The Vermont Supreme Court has ruled that records related to dismissed sexual assault and kidnapping charges against an ex-St. Albans police officer will be kept under wraps.
The Vermont Journalism Trust, the parent organization of VTDigger, was seeking records that had been sealed in the case of Zachary Pigeon in April 2020, who was then a St. Albans police officer, related to charges against him concerning alleged off-duty conduct.
After the news organization appealed the matter to the high court, oral arguments in June addressed the relative complexity of laws and rules governing court documents compared with other public records.
A unanimous, 11-page decision released Friday, authored by Justice Nancy Waples, found that the Vermont Journalism Trust lacked the standing to appeal, and dismissed the case.
The decision affirms a lower court ruling by Judge Howard E. Van Benthuysen.
Waples acknowledged that VTDigger “participated” in the case and that the lower court had labeled the Vermont Journalism Trust as an “intervenor” in the proceeding.
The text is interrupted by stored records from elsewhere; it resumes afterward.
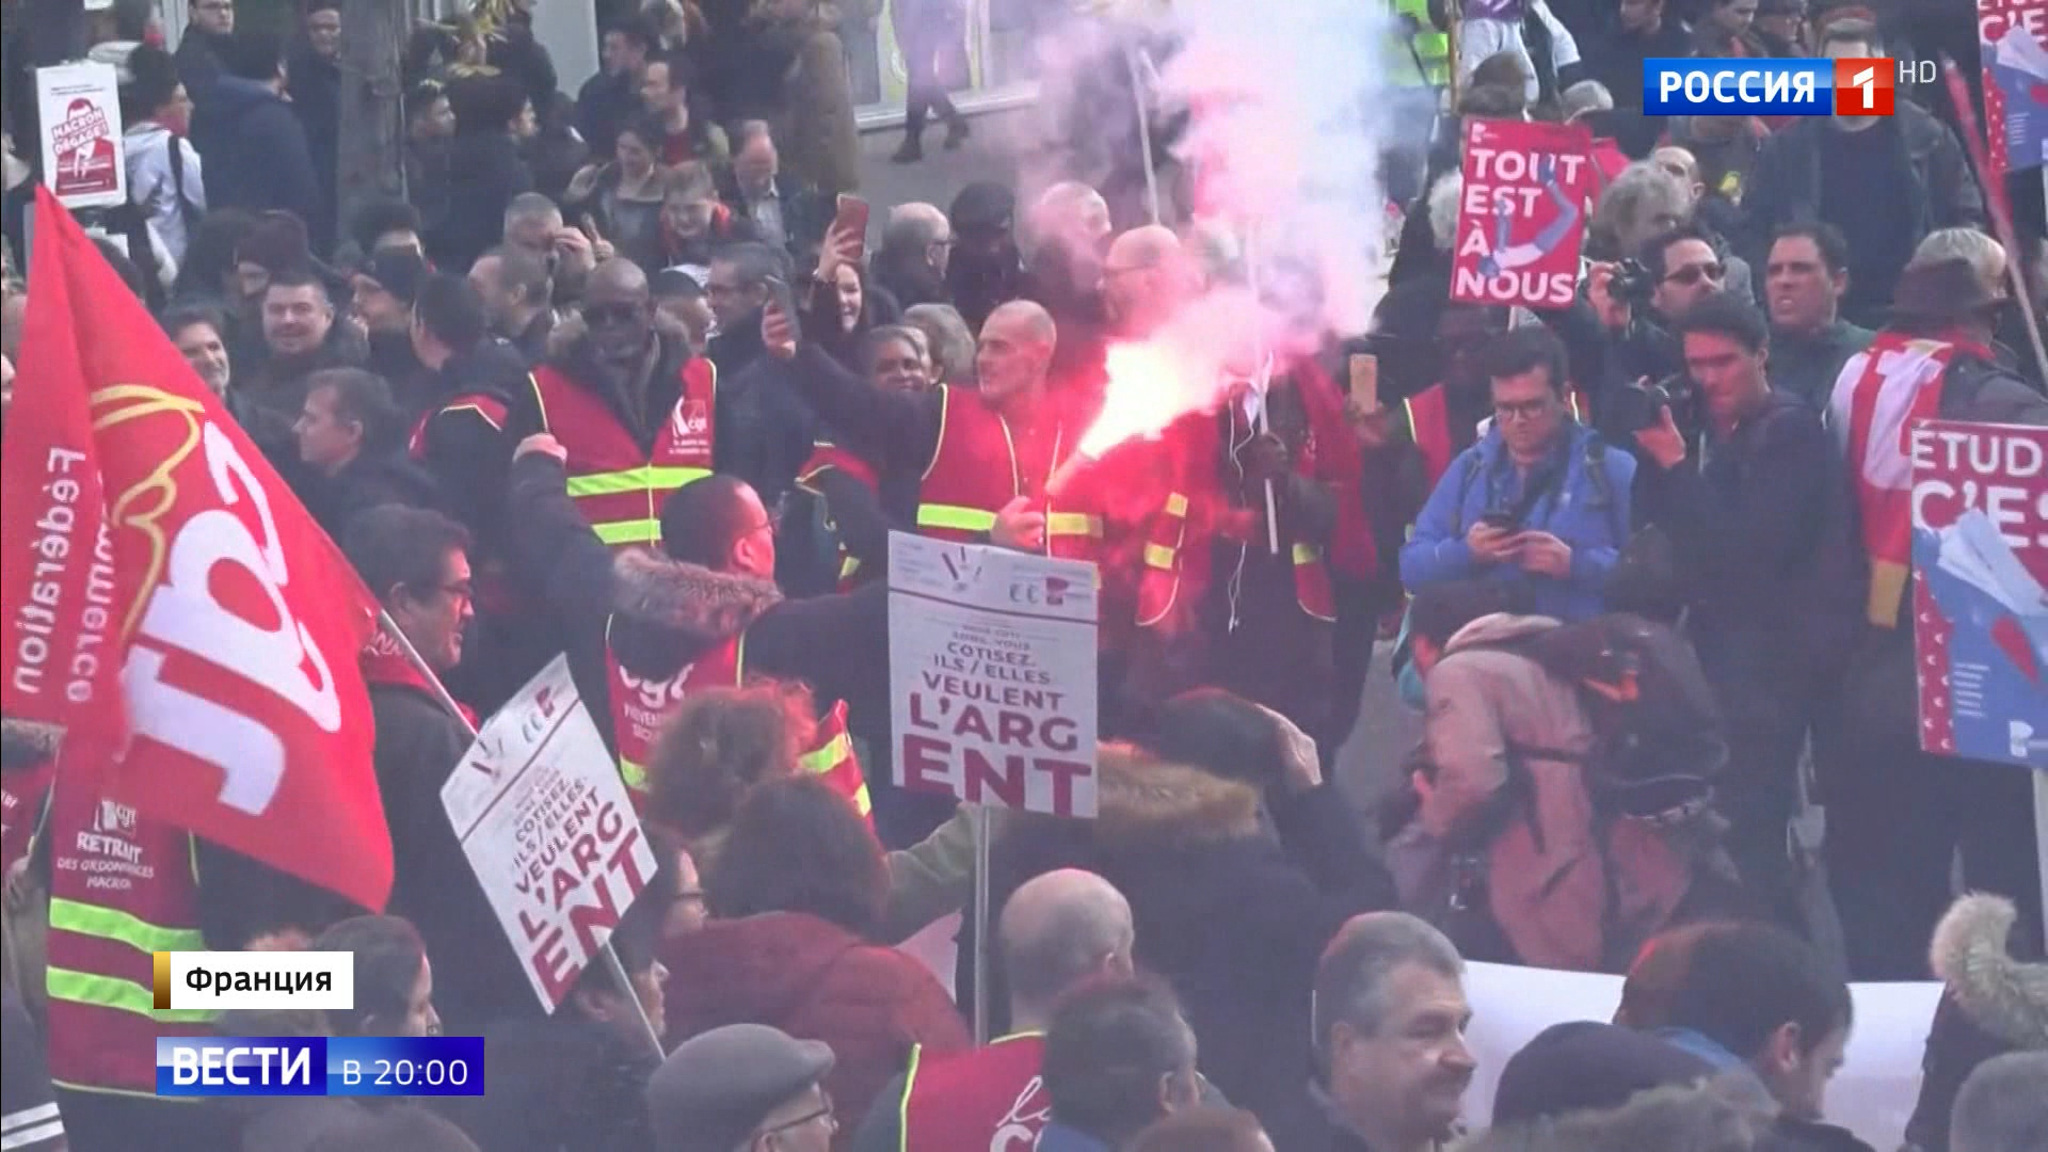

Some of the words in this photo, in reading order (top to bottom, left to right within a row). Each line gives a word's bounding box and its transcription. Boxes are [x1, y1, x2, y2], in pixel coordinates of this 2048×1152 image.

[1470, 148, 1586, 185] TOUT
[1464, 184, 1543, 218] EST
[1459, 219, 1491, 257] À
[1455, 266, 1573, 303] NOUS
[1911, 480, 2048, 548] C'E
[922, 671, 1065, 711] VEULENT
[934, 654, 965, 672] ILS
[985, 664, 1051, 685] ELLES
[910, 692, 1078, 752] L'ARG
[903, 733, 1092, 819] ENT
[514, 841, 537, 868] ILS
[544, 778, 585, 829] ELLES
[515, 786, 600, 894] VEULENT
[57, 857, 78, 871] DES
[519, 801, 622, 942] L'ARG
[532, 827, 647, 1006] ENT
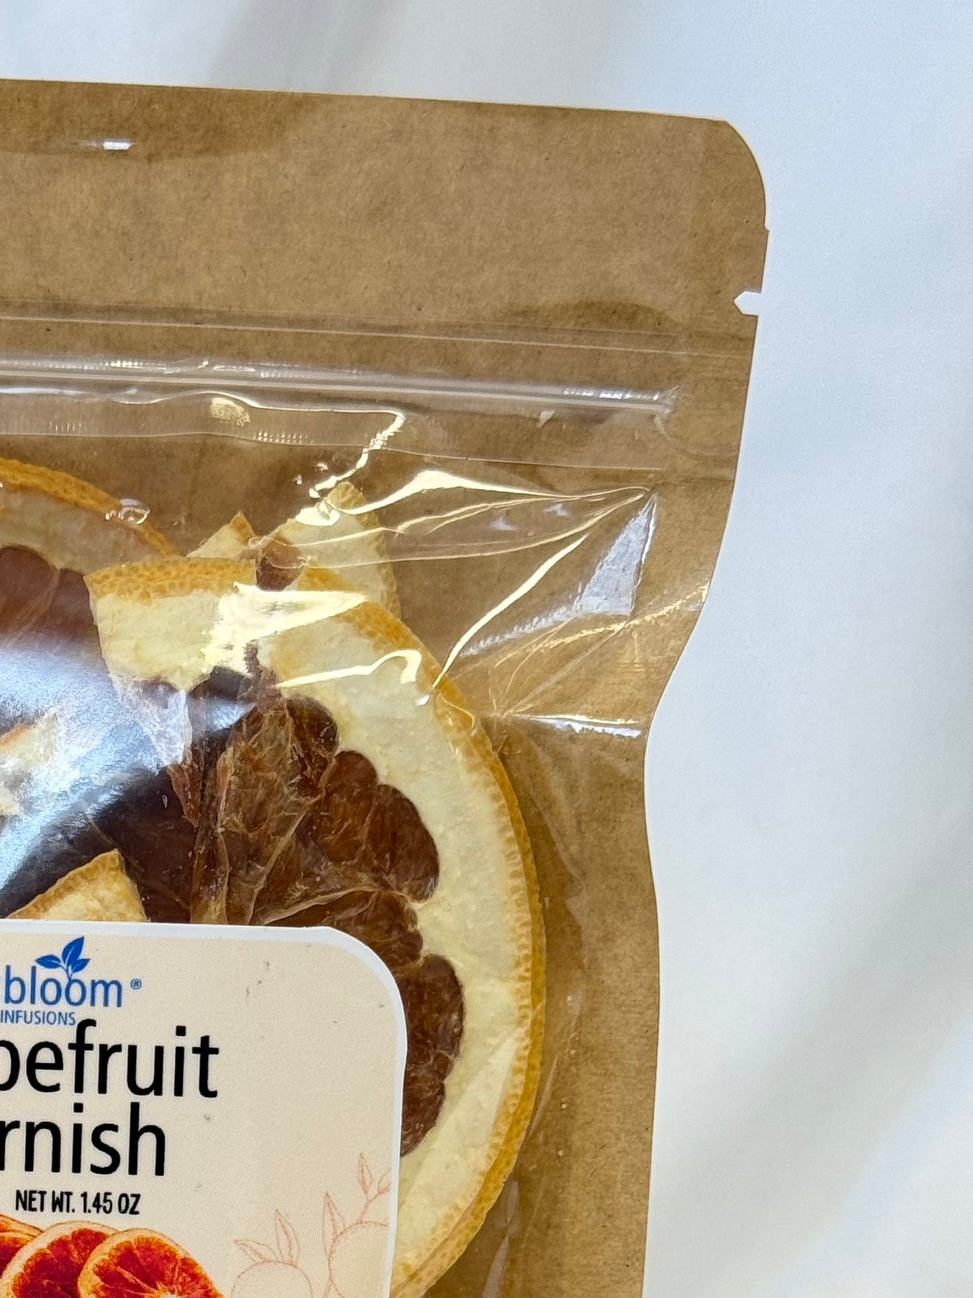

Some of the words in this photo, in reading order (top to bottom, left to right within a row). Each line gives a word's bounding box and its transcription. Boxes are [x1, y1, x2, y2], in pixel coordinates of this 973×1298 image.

[0, 1009, 76, 1026] INFUSIONS
[15, 1189, 47, 1212] NET
[51, 1191, 76, 1213] WT.
[80, 1191, 113, 1214] 1.45
[117, 1193, 141, 1215] OZ
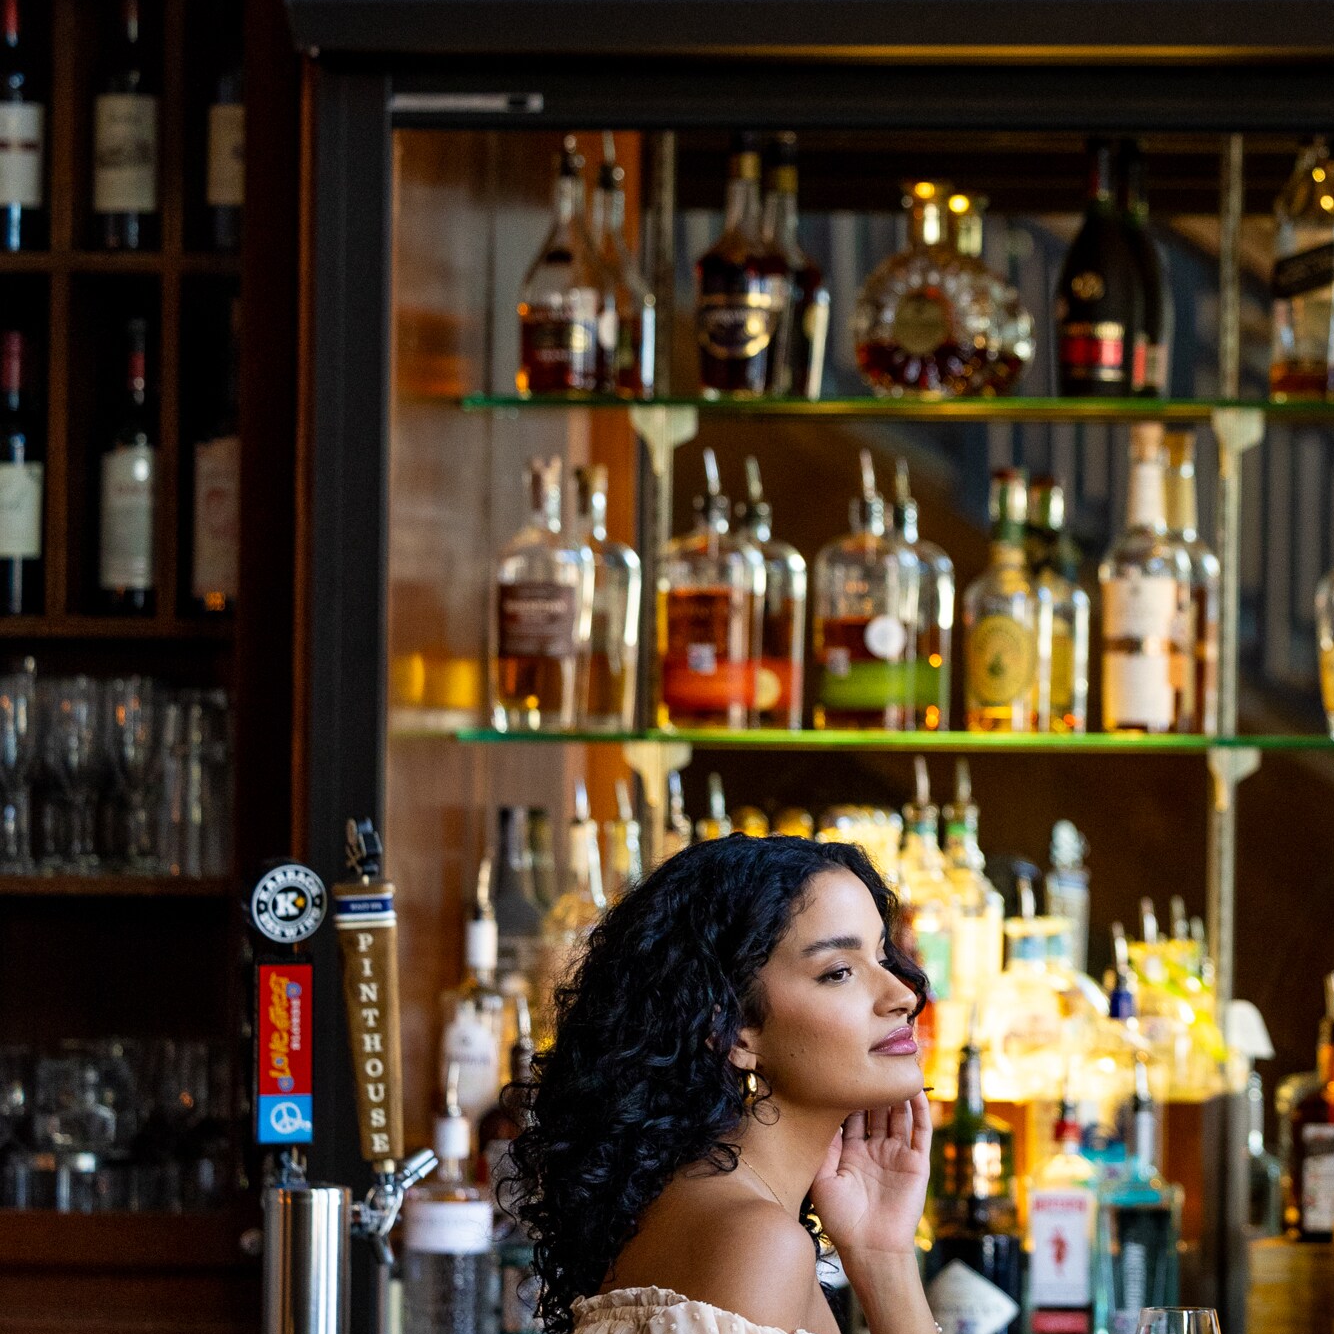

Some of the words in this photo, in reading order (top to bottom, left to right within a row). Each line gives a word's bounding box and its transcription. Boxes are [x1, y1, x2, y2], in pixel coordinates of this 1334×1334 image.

[258, 870, 322, 901] KARBACH
[275, 891, 301, 917] K
[258, 907, 322, 937] BREWING
[356, 932, 390, 1153] PINTHOUSE
But “in all other ways,” she wrote, the trust was not treated as a party, and made no effort to achieve such status by attempting to file as an intervenor.
“To be sure, VJT would like access to the sealed records, but it has no personal interest at stake in the criminal proceeding,” Waples wrote.
According to the decision, the trust had asserted it would have been “futile” to try to intervene, since there was no criminal proceeding after the state prosecutor dismissed the charges, and state laws on sealing such documents dictate that a defendant and prosecutor “shall be the only parties in the matter.”
But the assertion that there was no proceeding in which to intervene because the criminal proceedings had been closed, Waples wrote, “is belied by the fact that the criminal division received and responded to VJT’s motion for access to the sealed records.”
Ron Shems, the attorney representing the news organization, contended in oral arguments earlier this year that the dismissal of a major prosecution shouldn’t be hidden on procedural grounds.
He reiterated that Friday. “It’s unfortunate that the court closed the courthouse doors rather than taking the opportunity to better coordinate the public records act with public access to court records,” said Shems, of the Montpelier firm Tarrant, Gillies & Shems.
The Vermont Attorney General’s Office, in a statement Friday, termed the decision “consistent with the State’s arguments on appeal that the Vermont Journalism Trust did not follow the correct procedural steps pursuant to the Judiciary’s access to records rule in bringing its appeal.”
Pigeon and his father, Allen Pigeon, were arrested and facing criminal charges for allegedly breaking into a family member’s home and assaulting a woman. The younger Pigeon was later charged with sexual assault against the same woman from when she was a child years earlier.
The Attorney General’s Office, which was handling the prosecution, then announced in a New Year’s Eve press release in 2020 that it was dropping the charges because it “cannot meet the elements of the charged crimes beyond a reasonable doubt at this time.”
VTDigger sent a letter to the Attorney General’s Office shortly after the charges were dismissed, seeking documents related to the investigation and the decision to drop the cases.
The Attorney General’s Office indicated it would cost $182 to produce the documents. But after the news organization mailed a check, the office said the records had been sealed by order of the court.
The documents the news organizations had been seeking then became off limits. Public records requests filed separately by VTDigger and VPR, now Vermont Public, were removed from an online index kept by the Attorney General’s Office that tracks the requests.
The Attorney General’s Office, in a later court filing, stated that its criminal division was not aware of the news outlets’ pending records requests, filed in the civil division.
During the oral arguments in the case, the Pigeon name was not mentioned and the written briefs from attorneys have been sealed. The case title also did not name them, only using the initials “A.P.” and “Z.P.”
Their attorney, Robert Kaplan, could not be reached Friday for comment.